Task data:
****************************************

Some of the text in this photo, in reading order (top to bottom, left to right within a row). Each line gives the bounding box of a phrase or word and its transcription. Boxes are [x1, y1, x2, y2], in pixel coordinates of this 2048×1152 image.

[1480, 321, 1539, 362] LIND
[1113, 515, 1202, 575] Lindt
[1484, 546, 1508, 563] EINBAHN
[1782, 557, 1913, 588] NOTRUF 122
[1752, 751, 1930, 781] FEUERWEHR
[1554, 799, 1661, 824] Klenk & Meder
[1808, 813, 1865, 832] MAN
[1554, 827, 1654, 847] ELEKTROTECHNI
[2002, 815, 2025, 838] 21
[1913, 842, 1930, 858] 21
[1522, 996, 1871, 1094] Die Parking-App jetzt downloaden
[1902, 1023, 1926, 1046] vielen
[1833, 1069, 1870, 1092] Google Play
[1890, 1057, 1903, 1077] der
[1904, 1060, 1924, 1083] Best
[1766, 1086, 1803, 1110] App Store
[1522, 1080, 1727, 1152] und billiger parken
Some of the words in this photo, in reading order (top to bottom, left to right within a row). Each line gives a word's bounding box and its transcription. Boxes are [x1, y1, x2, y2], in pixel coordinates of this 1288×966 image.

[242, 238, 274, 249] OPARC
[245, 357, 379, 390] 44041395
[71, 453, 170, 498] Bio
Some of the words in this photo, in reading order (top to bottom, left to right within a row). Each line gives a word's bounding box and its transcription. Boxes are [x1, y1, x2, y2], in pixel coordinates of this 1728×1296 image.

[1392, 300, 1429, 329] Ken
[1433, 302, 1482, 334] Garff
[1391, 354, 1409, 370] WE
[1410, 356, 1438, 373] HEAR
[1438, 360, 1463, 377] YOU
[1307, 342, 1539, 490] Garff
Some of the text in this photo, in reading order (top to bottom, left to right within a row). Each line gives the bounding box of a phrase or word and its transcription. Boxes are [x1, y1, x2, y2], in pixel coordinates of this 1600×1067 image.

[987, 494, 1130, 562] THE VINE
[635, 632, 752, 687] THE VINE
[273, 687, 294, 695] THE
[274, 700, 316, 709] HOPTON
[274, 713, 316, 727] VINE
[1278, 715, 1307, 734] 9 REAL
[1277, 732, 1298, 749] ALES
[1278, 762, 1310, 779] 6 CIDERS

****************************************

Task prompt:
Your answer should consist only of the lines from the one with "this 1600×1067 image." through the last line of the entries above, retyped exactly.

Result of this exercise:
Some of the text in this photo, in reading order (top to bottom, left to right within a row). Each line gives the bounding box of a phrase or word and its transcription. Boxes are [x1, y1, x2, y2], in pixel coordinates of this 1600×1067 image.

[987, 494, 1130, 562] THE VINE
[635, 632, 752, 687] THE VINE
[273, 687, 294, 695] THE
[274, 700, 316, 709] HOPTON
[274, 713, 316, 727] VINE
[1278, 715, 1307, 734] 9 REAL
[1277, 732, 1298, 749] ALES
[1278, 762, 1310, 779] 6 CIDERS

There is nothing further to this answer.